The market for dog supplements has increased exponentially over the past several years. Pet parents want to do everything they can to ensure their pets have happy, healthy lives.
For many dogs on an AAFCO-approved diet, supplements are not necessary. However, dogs that have medical conditions or who are predisposed to developing them can benefit from supplements.
It’s always important to discuss supplement recommendations with your veterinarian prior to adding a supplement to your dog’s diet. Your vet will help you find a product that fits your dog’s health needs.
What Are Dog Supplements?
Supplements are defined as any product added to a pet’s regular diet that contains ingredients intended to improve health. The National Animal Supplement Council (NASC) is a nonprofit industry group that awards a seal to manufacturers who meet the council’s standards. The organization offers an NASC Quality System to ensure safe, effective, and high-quality products. When searching for a supplement, look for the NASC seal to ensure it has met the standard.
Scientific research has studied many common ingredients of supplements, and your veterinarian is the best resource to help sort out products that may be helpful to your dog and their health conditions. While none are magic bullets, many supplements may be helpful in slowing the progression of disease or supporting your dog’s body to prevent illness.
Why Do Veterinarians Recommend Supplements?
Supplements are often recommended by veterinarians to enhance other prescribed therapies or potentially prevent health issues, such as arthritis, from progressing. In the case of fatty acid supplements, dogs with heart disease or puppies at risk of developing heart disease may benefit from having more of these nutrients in their system.
While a well-balanced diet is the cornerstone to nutrition, supplements can help to augment the nutrients available. Some homemade diets are not reviewed or balanced by a veterinarian or nutritionist, and they often need added supplements to ensure the correct vitamin and mineral ratios are met.
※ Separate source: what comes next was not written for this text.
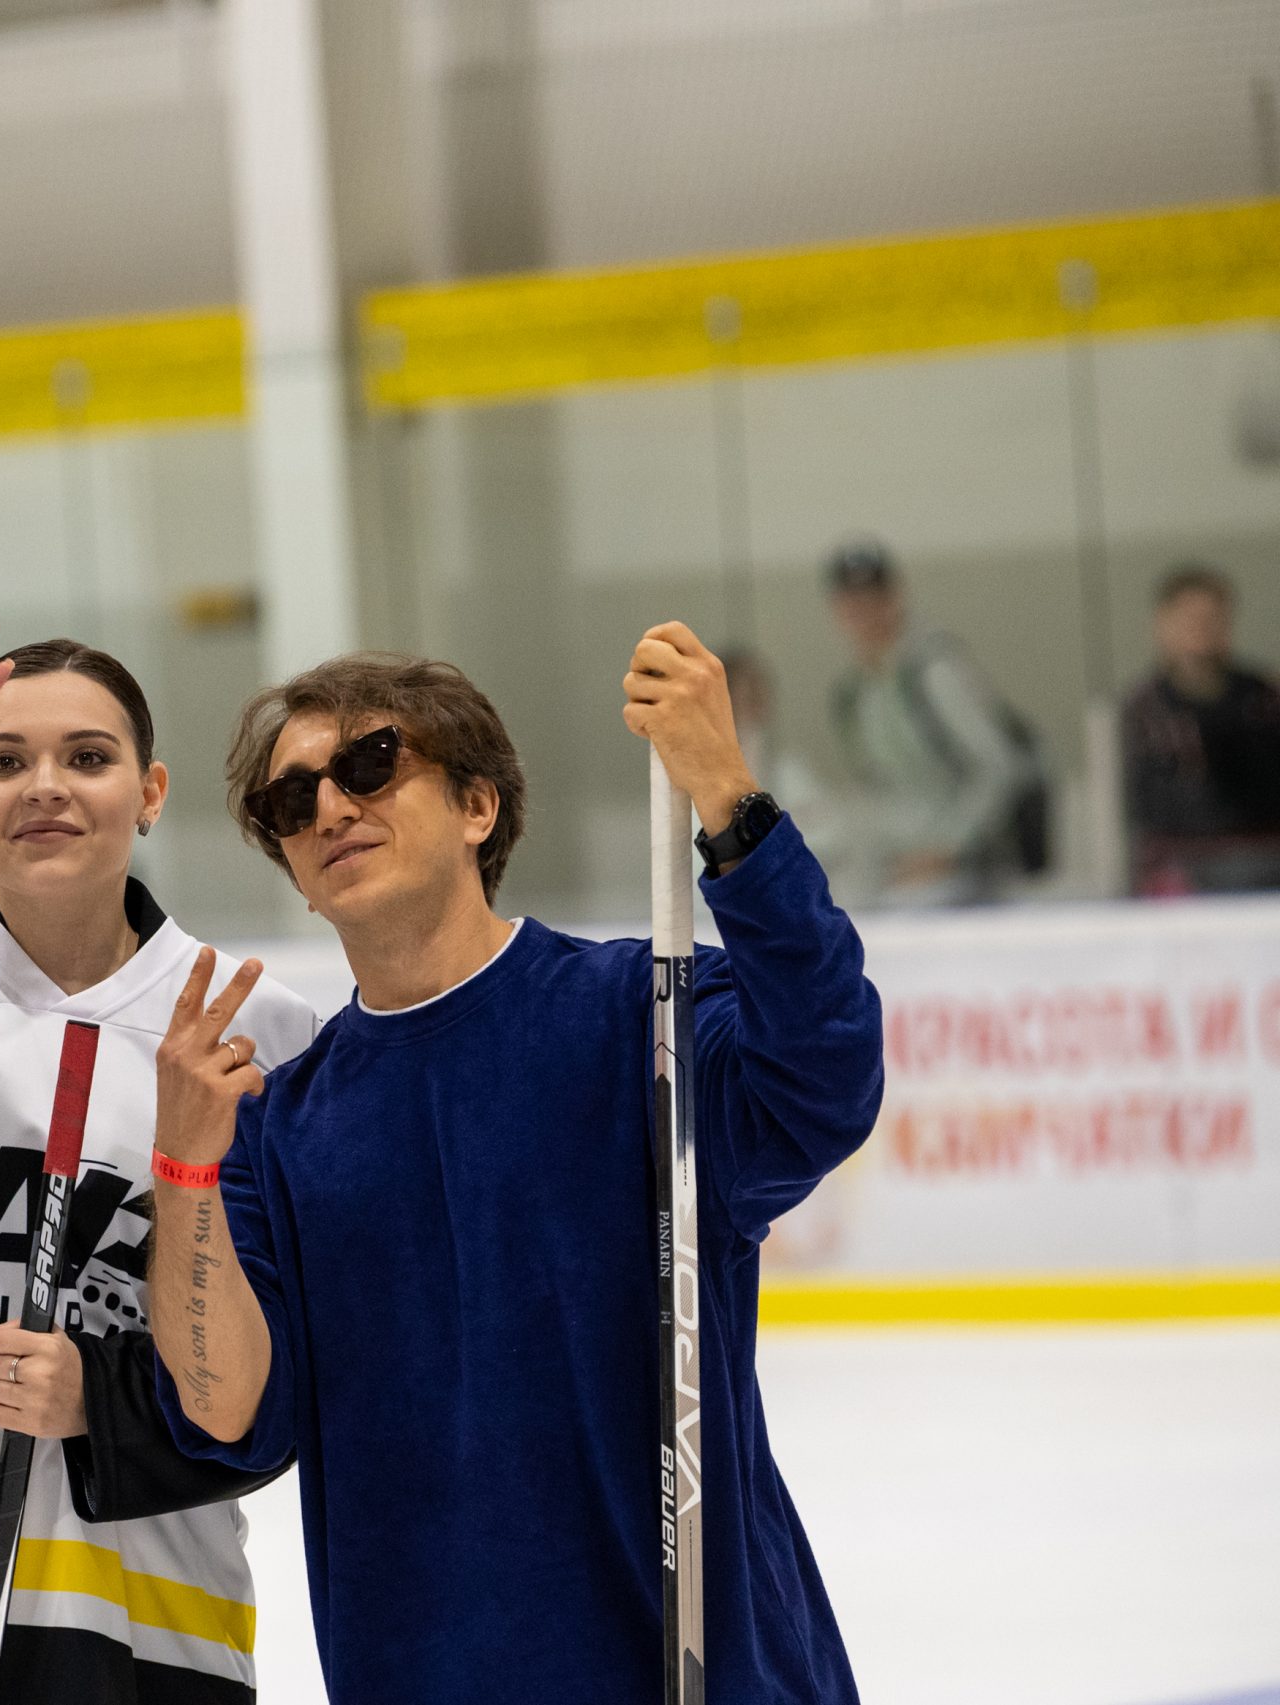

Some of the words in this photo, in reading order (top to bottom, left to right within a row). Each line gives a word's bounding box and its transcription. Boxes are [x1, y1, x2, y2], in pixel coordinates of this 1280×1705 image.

Since these diets tend to be unbalanced, a veterinarian or veterinary nutritionist should ensure the dog’s diet is complete. Vets may offer supplements as a way to help support the nutrients that are missing in these diets.
How Supplements Work for Dogs
Supplements work by adding nutrients to the diet; for some dogs, having more nutrients available to them may help to reduce or prevent some illnesses. Puppies have different requirements than adult dogs due to their growing bodies, and senior dogs often have health conditions that supplements can help treat.
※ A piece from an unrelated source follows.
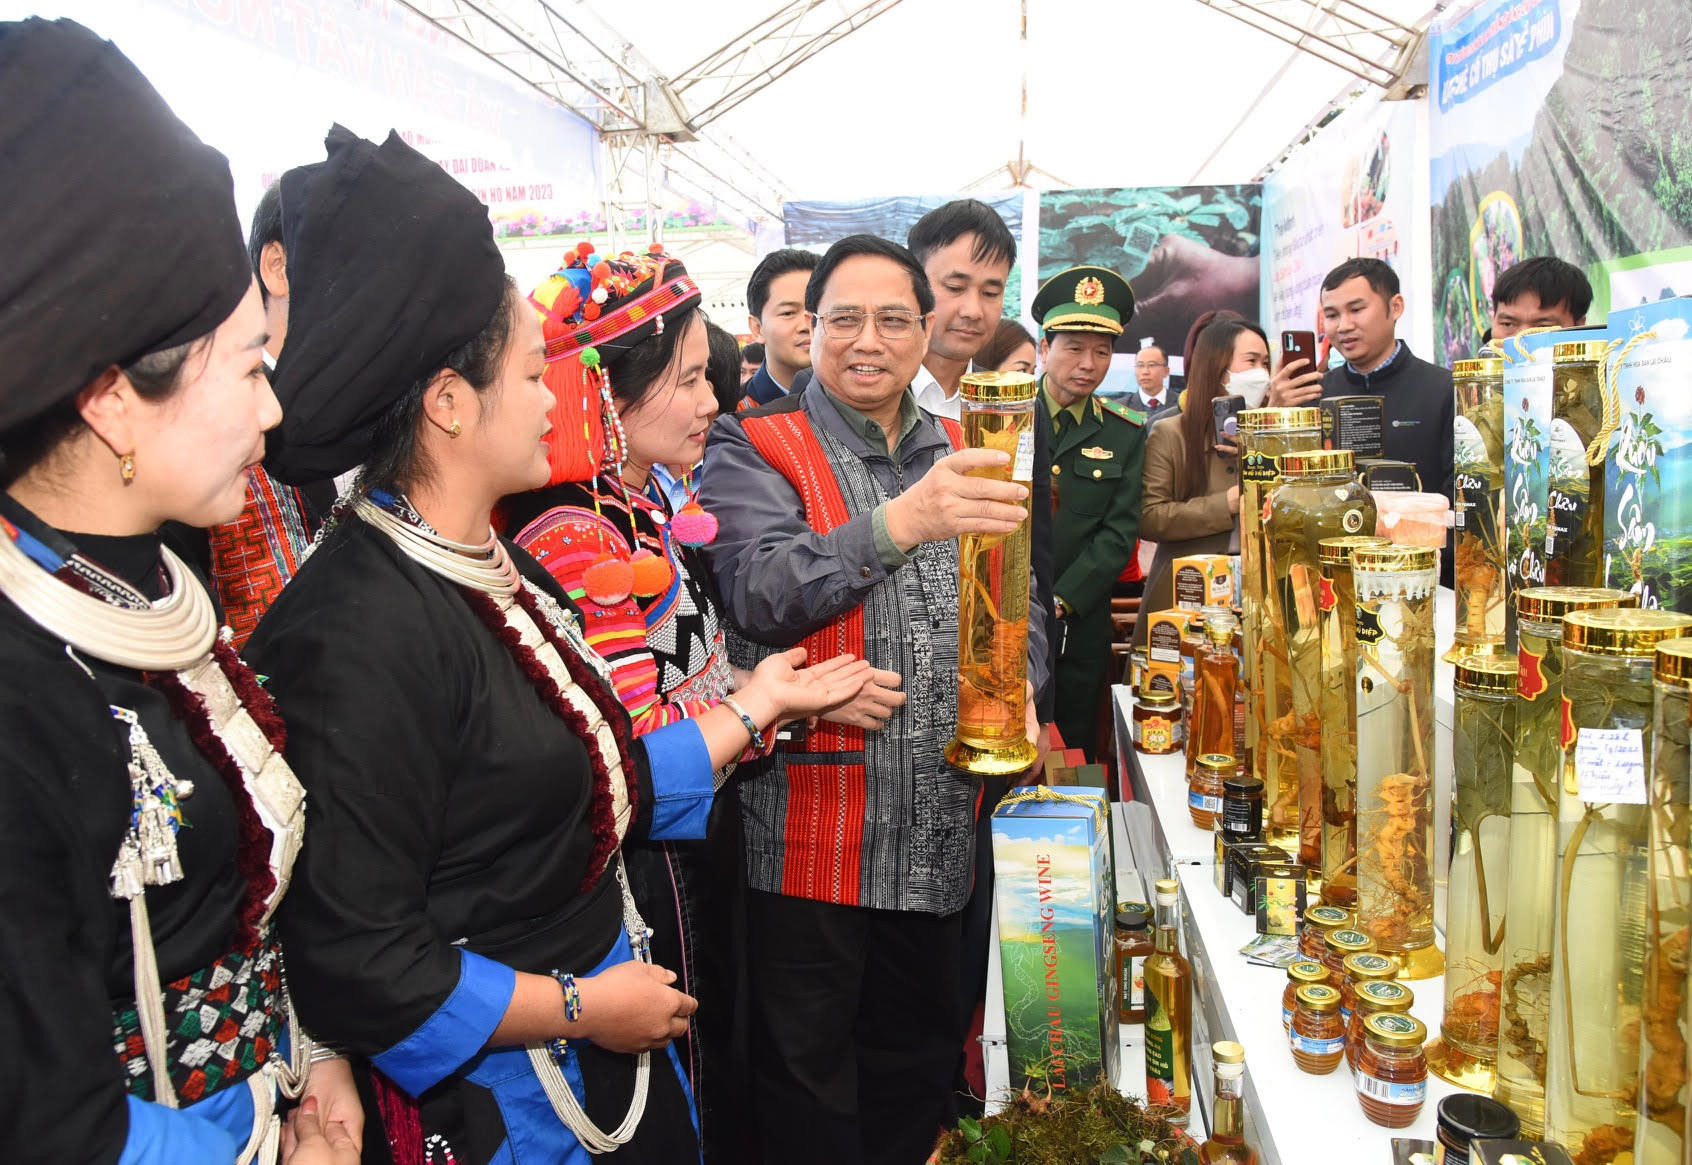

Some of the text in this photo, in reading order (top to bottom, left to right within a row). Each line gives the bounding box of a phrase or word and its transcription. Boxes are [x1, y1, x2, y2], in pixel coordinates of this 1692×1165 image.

[529, 183, 554, 201] 2023
[1036, 854, 1067, 1089] LAI CHAU GINGSENG WINE
Common Ingredients in Dog Supplements
Glucosamine and Chondroitin
Glucosamine and chondroitin are common ingredients in many joint supplements and make up a compound typically found in cartilage. Supplements with these ingredients can help joint cartilage stay healthy or heal and support the fluid lubricating the joints. Glucosamine and chondroitin may be recommended for dogs with hip dysplasia, osteoarthritis, cartilage damage, or loose joints.
Keep in mind that glucosamine must be used long-term to see any beneficial effects and won’t treat the pain of arthritis in dogs or joint issues in dogs. Work with your veterinarian to determine the best inclusion of both a joint supplement and pain medication, if needed, depending on your dog’s health.
Antioxidant Supplements for Dogs
Antioxidants are substances that protect cells from free radicals (molecules that circulate in the body). Antioxidants can reduce inflammation, prevent disease, and help support the body during natural aging.
Fish Oil Supplements for Dogs
Fish oils are omega 3 fatty acids, antioxidants that can improve coat and skin health, support the muscles of the heart, and help with brain development.
Probiotic Supplements for Dogs
Probiotics are microorganisms that are beneficial to a body’s normal health processes. Probiotics help rebalance the flora in the gastrointestinal tract to help heal after illness or to maintain good flora levels in pets predisposed to disease causing chronic diarrhea or inability to absorb nutrients. Many times, probiotics are used during or after antibiotic therapy to replace some of the “good” organisms that can be collateral damage with antibiotic use.
Liver Supplements for Dogs
S-adenosylmethionine (SAM-e) is a common liver support supplement that mimics glutathione, a compound made by the body that is used to detoxify and protect the liver. Liver supplements are often recommended for toxin ingestion, gallbladder disease, or hepatitis.
Talk to Your Veterinarian About Supplements
Always talk with your veterinarian before giving your dog any supplement. Never give human supplements to your pet without checking with a veterinarian, as the dosage ranges can be different and could lead to a toxic reaction in your dog. Calcium, vitamin D, and iron can all build up to unsafe levels in your dog’s body if supplements are given at incorrect doses. Many human products also contain xylitol, which is a sweetener toxic to dogs.
Supplements are also not a substitute for your pet’s prescription medication—never stop giving a prescribed drug without your vet’s approval. Your vet is the best source for information and recommendations when it comes to finding the best supplement for your dog’s needs.